Strategies for Encouraging Collaboration in Challenging Situations

If circumstances are such that you must continually act on your own, and if you are consistent in your behavior, sooner or later, Dr. Hammond contends “…your loved one is going to want to be part of the act to regain some self-determination.”

Let your loved one know how you feel and what you think needs to be done, the therapists we spoke with advise. Present your first solution one that includes active participation by both of you. Let your loved one know you want him/her to help solve your mutual problems.

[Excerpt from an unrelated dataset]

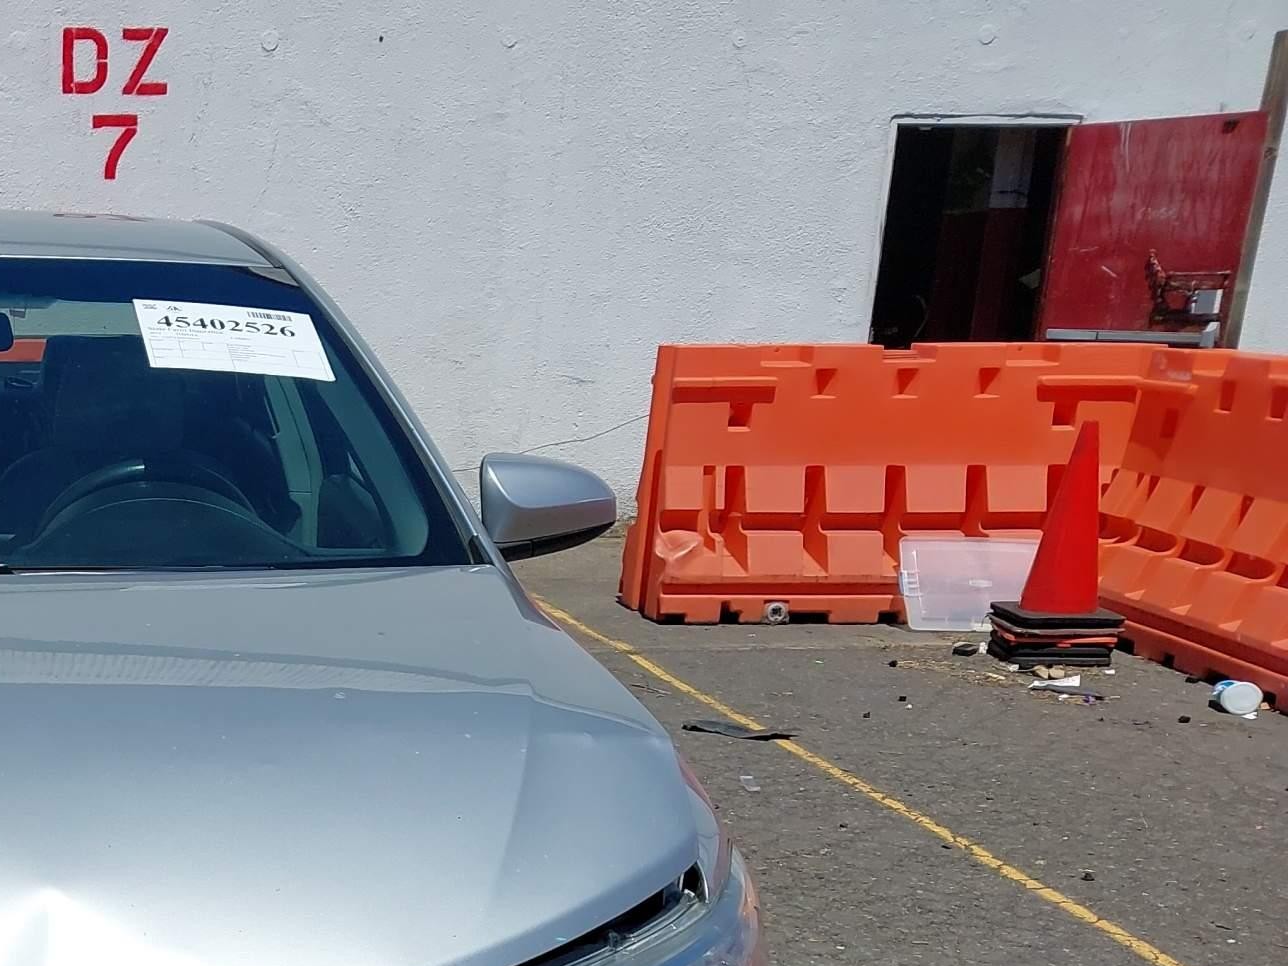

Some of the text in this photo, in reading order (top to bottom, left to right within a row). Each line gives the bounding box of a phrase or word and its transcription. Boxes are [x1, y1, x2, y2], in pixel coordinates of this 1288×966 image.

[62, 27, 169, 95] DZ
[92, 114, 137, 180] 7
[157, 315, 296, 338] 45402526

Be prepared to offer alternatives when possible. Note which of your suggestions include your loved one and which do not. Communicate your intent to act independently if necessary, explaining that the current situation is unsustainable for you.

What’s To Be Gained

Acting on your own isn’t a turning away from your current relationship or a disavowal of the other person’s rights. It’s rather an affirmation of yourself as an individual and your commitment to carrying on with life.Taking action helps you regain empowerment and control, benefiting your health and well-being. Moving beyond the status quo offers other benefits too. These include chipping away at barriers to your goals and feeling less anxious. Knowing something has been done reduces anxiety, and you also learn new skills. Additionally, new options may open up because you took steps to change the upsetting situation.

Acting independently to address a problem affecting you and your family may not be your first choice. However, when coping with illness or disability, not all solutions will be perfect. The goal is to make the best of a difficult situation.

By working toward breaking through the barriers of denial, that’s exactly what you’ll be doing. It requires fortitude, empathy, concentration, self-awareness, and a whole lot more. If you manage to do it, even temporarily, you will have accomplished a great deal. “I didn’t realize what a rebirth I would feel,” says the husband of a wife who has rheumatoid arthritis. “Now that my wife is willing to work with me on finding solutions to the problems we face, life is a whole lot easier. It’s a great relief to be able to turn off my broken record.”